In 1052, the rebellious slave-soldier (ghulam) Toghrul seized Ghazni, had Abd al-Rashid killed, and had the sultan's men jailed in a stronghold. However, Toghrul's reign lasted only 15 days; he was defeated and killed by Ghaznavid loyalists, who put Farrukh-zad (r. 1053–1059) on the throne.

The city's good fortune came to an unexpected and ruthless end when it was sacked and set on fire in 1151 by the Ghurid Sultan Ala al-Din Husayn (r. 1149-1161). All the tombs of the Ghaznavid rulers, with the exception of Mahmud, Mas'ud I and Ibrahim, were broken open and the remains burned.
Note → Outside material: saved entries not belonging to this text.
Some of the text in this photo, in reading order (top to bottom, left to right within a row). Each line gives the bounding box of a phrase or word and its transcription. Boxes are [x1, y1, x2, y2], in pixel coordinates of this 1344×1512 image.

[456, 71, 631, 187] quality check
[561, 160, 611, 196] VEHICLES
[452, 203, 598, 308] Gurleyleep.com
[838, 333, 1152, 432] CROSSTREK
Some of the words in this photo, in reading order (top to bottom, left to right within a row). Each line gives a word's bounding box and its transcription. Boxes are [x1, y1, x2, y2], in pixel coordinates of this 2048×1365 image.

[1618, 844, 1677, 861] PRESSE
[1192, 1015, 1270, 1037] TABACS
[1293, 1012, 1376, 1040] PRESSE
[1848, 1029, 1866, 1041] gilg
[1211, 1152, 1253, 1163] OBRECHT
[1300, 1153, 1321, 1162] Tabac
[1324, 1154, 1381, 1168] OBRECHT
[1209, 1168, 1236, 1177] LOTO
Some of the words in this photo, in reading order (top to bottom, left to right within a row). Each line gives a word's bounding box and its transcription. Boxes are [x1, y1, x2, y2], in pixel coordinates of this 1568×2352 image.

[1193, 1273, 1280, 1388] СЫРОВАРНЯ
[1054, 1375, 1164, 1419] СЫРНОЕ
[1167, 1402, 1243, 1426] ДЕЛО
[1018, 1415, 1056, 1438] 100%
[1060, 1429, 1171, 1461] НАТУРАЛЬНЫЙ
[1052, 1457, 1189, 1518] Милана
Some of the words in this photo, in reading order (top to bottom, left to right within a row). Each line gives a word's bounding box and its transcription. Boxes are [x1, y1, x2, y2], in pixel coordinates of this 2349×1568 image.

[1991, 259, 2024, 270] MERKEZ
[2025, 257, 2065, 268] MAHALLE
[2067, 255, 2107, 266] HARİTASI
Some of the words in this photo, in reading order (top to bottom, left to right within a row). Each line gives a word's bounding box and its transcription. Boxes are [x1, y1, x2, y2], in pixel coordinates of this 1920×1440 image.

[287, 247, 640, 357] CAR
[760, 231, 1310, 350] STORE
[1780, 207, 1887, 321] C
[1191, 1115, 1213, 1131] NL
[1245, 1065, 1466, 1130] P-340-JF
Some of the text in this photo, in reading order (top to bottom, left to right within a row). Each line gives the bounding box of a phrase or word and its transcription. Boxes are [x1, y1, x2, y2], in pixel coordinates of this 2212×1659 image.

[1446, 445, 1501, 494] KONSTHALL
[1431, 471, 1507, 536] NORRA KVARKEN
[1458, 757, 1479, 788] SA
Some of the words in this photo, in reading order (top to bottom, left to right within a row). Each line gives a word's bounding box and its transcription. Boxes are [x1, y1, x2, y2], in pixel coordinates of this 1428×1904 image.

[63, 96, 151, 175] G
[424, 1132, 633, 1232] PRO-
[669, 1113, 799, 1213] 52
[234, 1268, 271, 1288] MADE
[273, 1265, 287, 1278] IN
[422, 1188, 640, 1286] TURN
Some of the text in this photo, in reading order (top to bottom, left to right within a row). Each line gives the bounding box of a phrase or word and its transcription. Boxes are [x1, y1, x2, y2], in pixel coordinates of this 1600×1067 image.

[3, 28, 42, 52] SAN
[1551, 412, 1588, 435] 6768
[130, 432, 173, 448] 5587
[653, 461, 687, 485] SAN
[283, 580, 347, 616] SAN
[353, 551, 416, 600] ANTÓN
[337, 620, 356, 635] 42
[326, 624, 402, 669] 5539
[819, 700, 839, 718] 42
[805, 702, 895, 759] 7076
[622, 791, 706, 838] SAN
From these events, Ala ad-Din Husayn gained the nickname, Jahānsūz (meaning the World Burner).

== Monuments and inscriptions ==
Sultan Mas'ūd III of Ghazni built one of the Ghazni Minarets and the Palace of Sultan Mas'ūd III.

== Sources ==
- Bosworth, Clifford Edmund (2007). "Historic Cities of the Islamic World"
- Bosworth, C. E. (2011). "The Ornament of Histories: A History of the Eastern Islamic Lands AD 650-1041: The Persian Text of Abu Sa'id 'Abd Al-Hayy Gardizi"
- Bosworth, C. E. (1975). "The Cambridge History of Iran, Volume 4: From the Arab Invasion to the Saljuqs"
- Bosworth, C. Edmund (1989). "ALPTIGIN"
- Bosworth, C. Edmund (2001). "GHAZNAVIDS"
- Davaran, Fereshteh (2010). "Continuity in Iranian Identity: Resilience of a Cultural Heritage"
- Frye, R.N. (1975). "The Cambridge History of Iran, Volume 4: From the Arab Invasion to the Saljuqs"
- Khalegi-Motlagh, Dj. (1983)
- Yusofi, G. H. (1988)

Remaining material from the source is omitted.